-- What is required --
Drop every picture, then transcribe the remaining data exactly.

________________

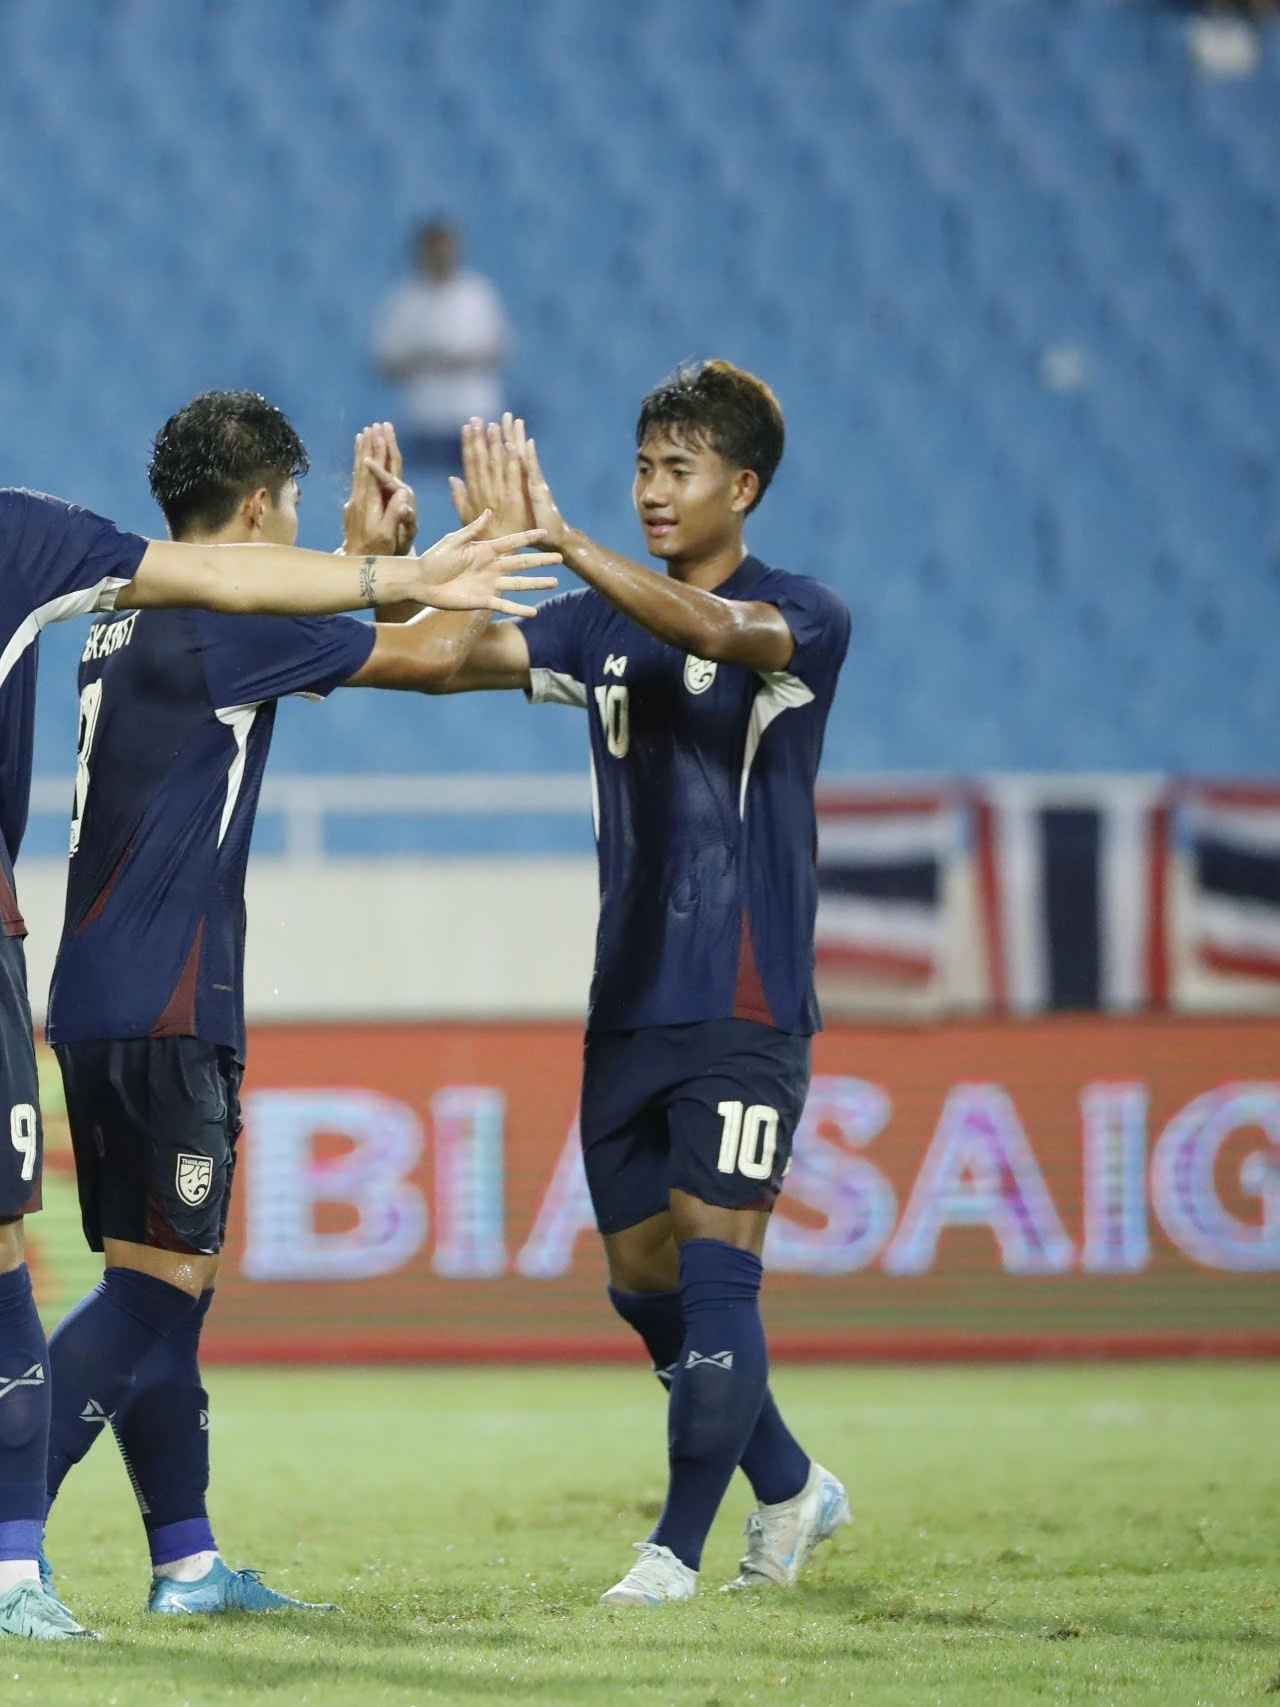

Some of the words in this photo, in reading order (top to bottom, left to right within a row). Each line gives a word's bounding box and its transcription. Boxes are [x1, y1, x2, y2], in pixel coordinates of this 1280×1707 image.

[594, 685, 629, 759] 10
[10, 1103, 37, 1181] 9
[717, 1100, 780, 1180] 10
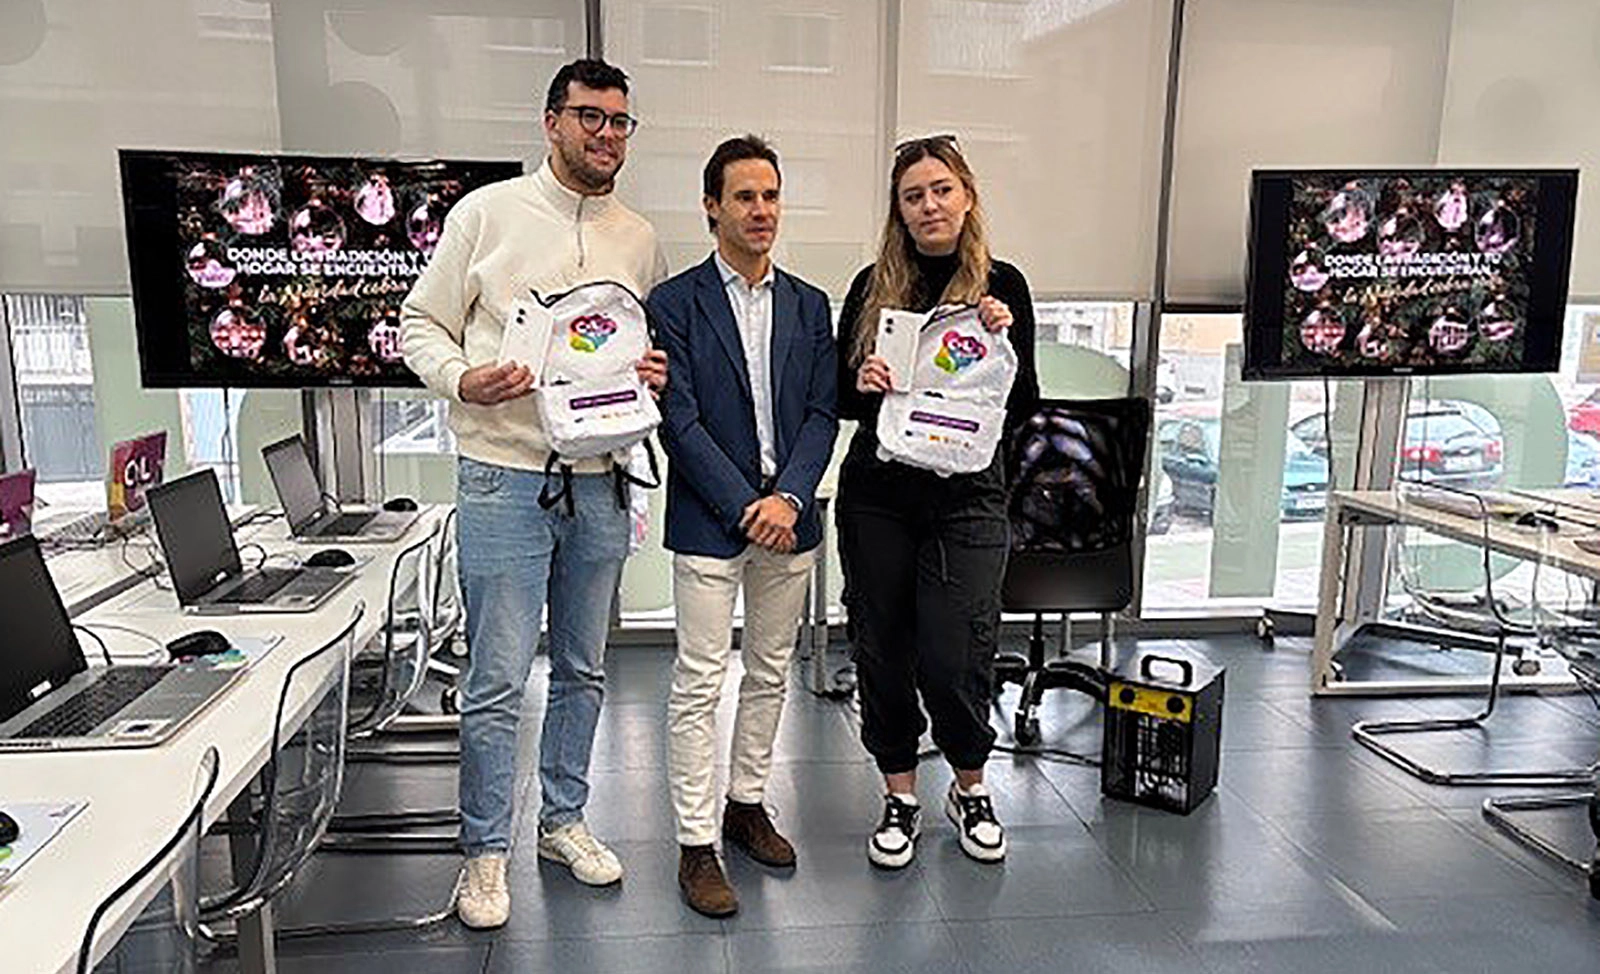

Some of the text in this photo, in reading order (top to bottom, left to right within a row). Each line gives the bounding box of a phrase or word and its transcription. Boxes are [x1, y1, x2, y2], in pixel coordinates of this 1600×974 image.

________________

-- Written solution --
Some of the words in this photo, in reading order (top to bottom, left to right within a row). Each line gives a word's bounding box and its transcription. Boxes are [x1, y1, x2, y2], in pixel coordinates of this 1280×1707 image.

[594, 685, 629, 759] 10
[10, 1103, 37, 1181] 9
[717, 1100, 780, 1180] 10

Some of the text in this photo, in reading order (top to bottom, left to right within a row). Each line gives the bounding box of a phrase or word and its transcription. Boxes are [x1, y1, x2, y2], in pixel coordinates of this 1600×974 image.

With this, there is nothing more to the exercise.